-- DATA SUPPLIED follows --

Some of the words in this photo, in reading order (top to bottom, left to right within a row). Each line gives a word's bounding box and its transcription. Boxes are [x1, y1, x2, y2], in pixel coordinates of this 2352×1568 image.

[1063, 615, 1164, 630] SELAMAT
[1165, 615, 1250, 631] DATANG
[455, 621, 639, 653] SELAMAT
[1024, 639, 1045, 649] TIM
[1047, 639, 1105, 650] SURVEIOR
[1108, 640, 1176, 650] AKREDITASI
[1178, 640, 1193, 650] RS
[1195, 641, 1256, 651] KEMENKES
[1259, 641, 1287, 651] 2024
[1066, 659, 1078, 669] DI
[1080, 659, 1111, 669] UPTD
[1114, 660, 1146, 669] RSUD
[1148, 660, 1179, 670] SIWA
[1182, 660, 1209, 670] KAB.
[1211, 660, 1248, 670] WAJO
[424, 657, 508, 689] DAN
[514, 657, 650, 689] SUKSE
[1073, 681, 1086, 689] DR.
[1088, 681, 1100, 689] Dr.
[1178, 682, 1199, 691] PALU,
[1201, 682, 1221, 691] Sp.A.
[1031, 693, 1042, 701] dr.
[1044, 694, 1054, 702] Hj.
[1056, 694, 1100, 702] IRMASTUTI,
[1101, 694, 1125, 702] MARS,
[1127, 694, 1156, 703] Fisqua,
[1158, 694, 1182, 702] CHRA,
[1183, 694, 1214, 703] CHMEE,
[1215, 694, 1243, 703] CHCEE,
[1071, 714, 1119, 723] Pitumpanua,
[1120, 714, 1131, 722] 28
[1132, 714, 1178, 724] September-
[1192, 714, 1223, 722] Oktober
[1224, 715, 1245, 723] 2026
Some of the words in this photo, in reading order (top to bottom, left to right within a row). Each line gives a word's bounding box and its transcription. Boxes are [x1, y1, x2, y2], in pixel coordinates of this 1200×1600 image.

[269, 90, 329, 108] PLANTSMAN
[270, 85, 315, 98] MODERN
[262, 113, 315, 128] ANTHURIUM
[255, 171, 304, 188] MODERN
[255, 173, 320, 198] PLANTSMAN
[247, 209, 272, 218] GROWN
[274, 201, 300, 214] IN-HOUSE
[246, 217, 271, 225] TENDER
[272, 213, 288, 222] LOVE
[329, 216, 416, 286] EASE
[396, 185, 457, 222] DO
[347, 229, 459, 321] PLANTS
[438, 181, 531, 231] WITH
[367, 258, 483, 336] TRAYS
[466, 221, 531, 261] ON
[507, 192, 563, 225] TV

-- DATA SUPPLIED concluded --

→ **REQUIREMENT**
Reproduce exactly every line between the line with "this 1200×1600 image." and the last line of the records above, both included.

→ **WRITTEN RESPONSE**
Some of the words in this photo, in reading order (top to bottom, left to right within a row). Each line gives a word's bounding box and its transcription. Boxes are [x1, y1, x2, y2], in pixel coordinates of this 1200×1600 image.

[269, 90, 329, 108] PLANTSMAN
[270, 85, 315, 98] MODERN
[262, 113, 315, 128] ANTHURIUM
[255, 171, 304, 188] MODERN
[255, 173, 320, 198] PLANTSMAN
[247, 209, 272, 218] GROWN
[274, 201, 300, 214] IN-HOUSE
[246, 217, 271, 225] TENDER
[272, 213, 288, 222] LOVE
[329, 216, 416, 286] EASE
[396, 185, 457, 222] DO
[347, 229, 459, 321] PLANTS
[438, 181, 531, 231] WITH
[367, 258, 483, 336] TRAYS
[466, 221, 531, 261] ON
[507, 192, 563, 225] TV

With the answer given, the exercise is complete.